Cancer can occur in anyone – including babies. The greatest challenge in dealing with childhood cancer in Kenya is the late diagnosis of this condition. Most parents do not recognise the early symptoms of cancer in their children and most health care practitioners are not on the lookout for subtle ominous signs when performing check-ups on babies. Cancer symptoms can be very similar to those of other childhood illnesses, including the flu. One needs to be very thorough and observant to detect cancer in babies.
Can childhood cancers be prevented?
Most parents whose children have cancer always wonder if they could have prevented it. Usually, there is little you can do to prevent your child from getting cancer. Unlike most adult cancers, lifestyle-related risk factors (such as smoking, obesity, diet) don't influence a child’s risk of getting cancer.
Radiation exposure and genetic factors have been linked to some childhood cancers. Children with medical conditions such as Down's syndrome are more likely to get certain cancers such as leukemia than other children.
Common childhood cancers
Leukemia is cancer of the bone marrow (this is the inner part of the bone which is responsible for producing blood cells). It is the most common cancer in children and account for about 30 per cent of all cancers. There are three main types of blood cells: white cells (responsible for immunity), red cells (carry oxygen) and platelets (responsible for clotting).
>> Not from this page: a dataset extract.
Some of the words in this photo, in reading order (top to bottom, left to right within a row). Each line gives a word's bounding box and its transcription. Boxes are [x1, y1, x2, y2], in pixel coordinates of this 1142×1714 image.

In leukemia, abnormal white blood cells multiply out of control. Since they are abnormal, they cannot maintain the immunity and fight infections as they should. Symptoms of leukemia can be very non-specific and can even resemble a persistent bad flu. These symptoms include persistent fever, loss of appetite, weight loss, generalised weakness, dizzy spells, joint pain, swollen nodes, abdominal pain, frequent nose bleeds, headache and frequent infections.
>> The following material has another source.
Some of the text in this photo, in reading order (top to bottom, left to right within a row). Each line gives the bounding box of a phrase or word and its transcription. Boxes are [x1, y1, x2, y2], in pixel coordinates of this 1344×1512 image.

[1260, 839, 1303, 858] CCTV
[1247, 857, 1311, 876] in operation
Brain and spinal cord tumors Brain and tumors of the nervous system are the second most common cancers in children. There are many types of brain tumors and common symptoms include persistent headaches, vomiting, nausea, seizures, walking and balance problems, growth retardation, vision problems, sleep challenges, clumsiness, weakness, development of squints, back and neck pain, changes in personality, irritability and hormonal abnormalities which could lead to early puberty.
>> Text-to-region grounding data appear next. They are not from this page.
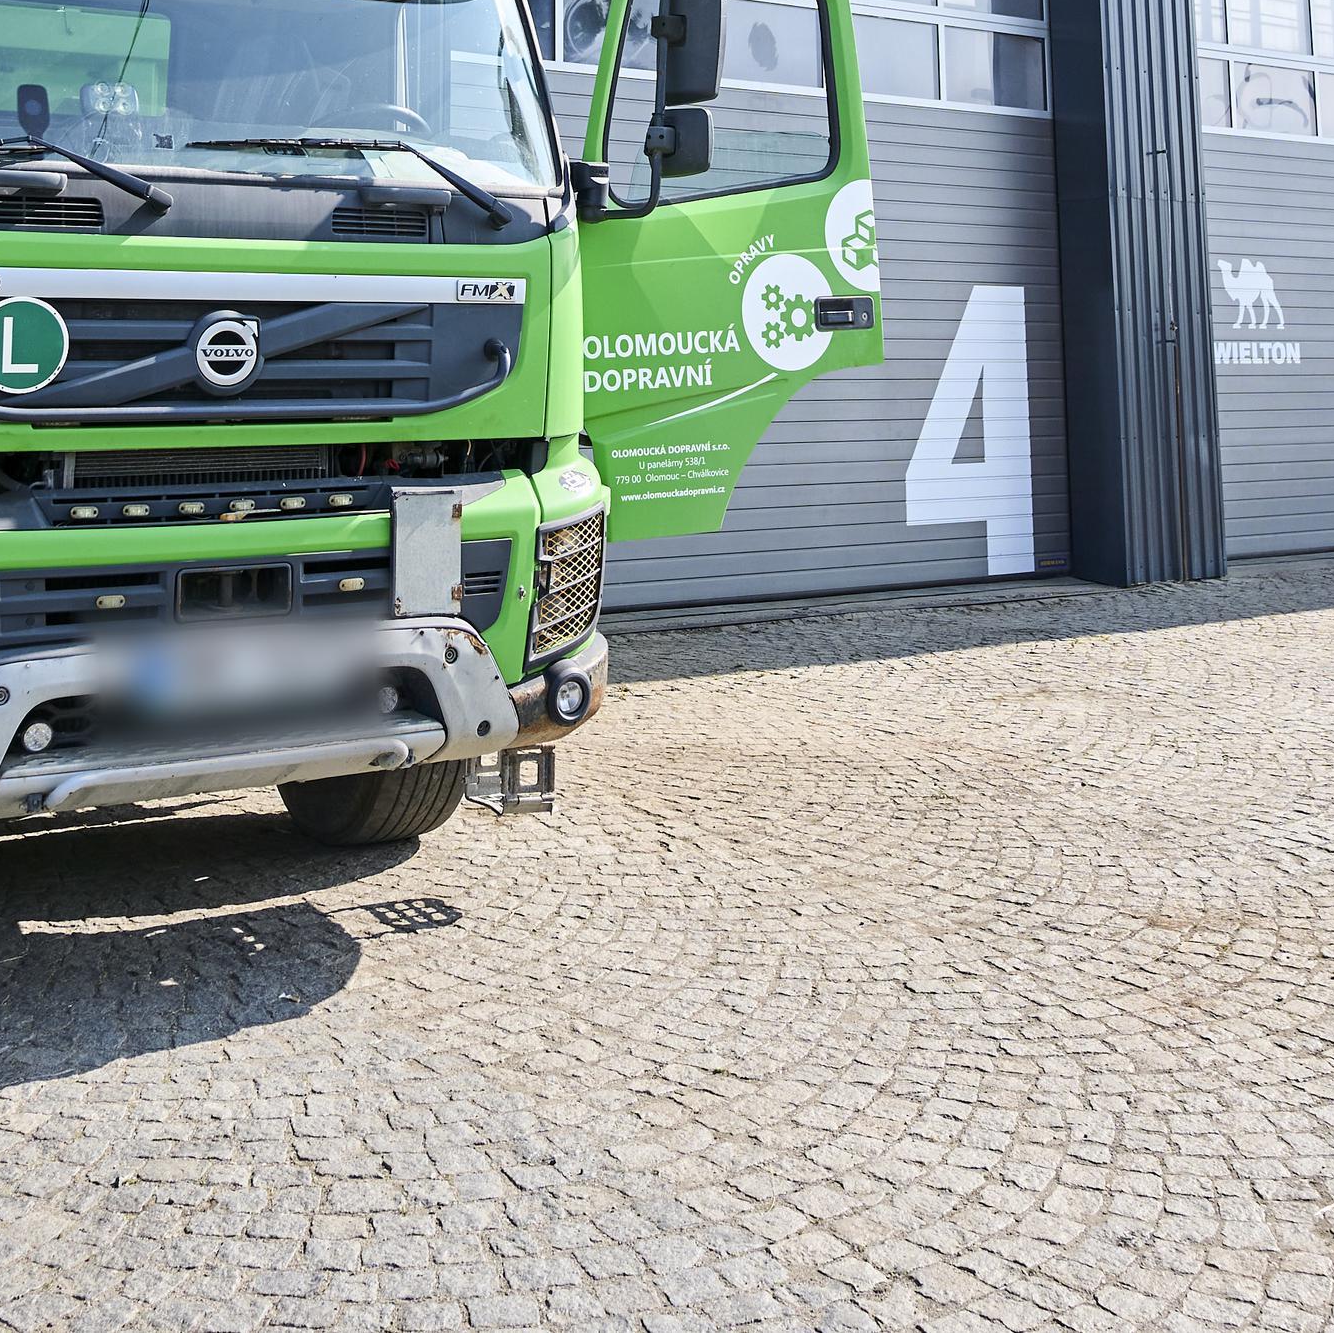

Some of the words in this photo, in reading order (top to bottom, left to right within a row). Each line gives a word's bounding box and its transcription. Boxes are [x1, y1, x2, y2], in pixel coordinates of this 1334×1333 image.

[728, 234, 774, 285] OPRAVY
[460, 282, 515, 300] FMX
[2, 316, 39, 373] L
[584, 323, 740, 360] OLOMOUCKÁ
[201, 348, 255, 359] VOLVO
[1213, 341, 1301, 365] WIELTON
[584, 358, 713, 393] DOPRAVNÍ
[906, 286, 1035, 575] 4
[611, 444, 666, 458] OLOMOUCKÁ
[668, 441, 711, 454] DOPRAVNÍ
[712, 443, 731, 451] s.r.o.
[639, 461, 645, 469] U
[685, 456, 706, 466] 538/1
[615, 475, 630, 485] 779
[631, 474, 641, 484] 00
[645, 472, 680, 482] Olomouc
[687, 467, 729, 479] Chválkovice
[621, 485, 725, 502] www.olomouckadopravni.cz
A few tumors can cause excessive thirst or changes in urination patterns. The seizures that occur in brain tumors are not usually related to fever.
Wilms tumor (also called nephroblastoma) is a cancer of the kidneys. It can affect one or both kidneys. It often occurs in children under the age of five years and presents with an abdominal swelling and pain. There may be vomiting, persistent fever, blood in urine (or dark coloured urine), constipation and unusual fatigue.
Lymphomas Lymphomas start in blood cells known as lymphocytes. Lymphocytes are a subtype of white cells which are responsible for maintaining a healthy immune system. Lymphoma affects lymph nodes, abdominal organs like the spleen and even tonsils and the thymus.
Most parents with children with lymphoma notice swollen lymph nodes, especially in the neck, armpit or groin, constant fatigue, weakness, persistent fever, unexplained weight loss, abdominal pain and swelling. In some case, there may be problems swallowing and breathing.
Rhabdomyosarcoma is a cancer that develops in the muscles. It can, therefore, be found in the arms, legs, belly, chest, head or neck. In most cases, it presents as a lump in the arms, lower limbs or groin area. If it affects the head or neck, it can cause problems swallowing and can produce facial swelling. If it is in the belly, it can cause discomfort with an associated swelling.
Retinoblastoma is a cancer of the eye. Interestingly, this is the cancer which most parents are able to detect earliest. This is because it causes some distinct eye changes. Normally, when you shine a light into a child’s eye, the pupil (the dark spot in the center of the eye), looks red. In an eye with retinoblastoma, the pupil often looks white.
This abnormality is best detected on a photograph of the child where the inside of one eye may look red whilst the other looks white. The child may also have crossed eyes or a persistent irritation in the eye.
There are two main types of bone cancers occur in children: Osteosarcoma and Ewing Sarcoma. They commonly develop around the knee, on the hips/pelvis, ribs or shoulder blades. They cause a swelling/lump in this area. This swelling can be painful and interfere with normal movement and activity. The bones may become weak and break (fracture). There may also be some non-specific symptoms like fever, fatigue and weight loss.
Neuroblastoma is another cancer that affects nerve cells. It can cause a swelling in the abdomen, fever and pain.
Cancer is not contagious
There is a lot of stigma surrounding cancer and it is not unusual for children with cancer to be isolated due to ignorance. Some people believe that cancer is contagious and can be passed on from child to child through contact, coughing/sneezing or sharing utensils. Cancer is not infectious and your child cannot get it from another one.
What should you do?
If you are concerned about your child's symptoms, please seek medical advice – especially if you are dealing with non-specific symptoms which you cannot quite understand. Look carefully at your child's photos and check for any eye abnormalities.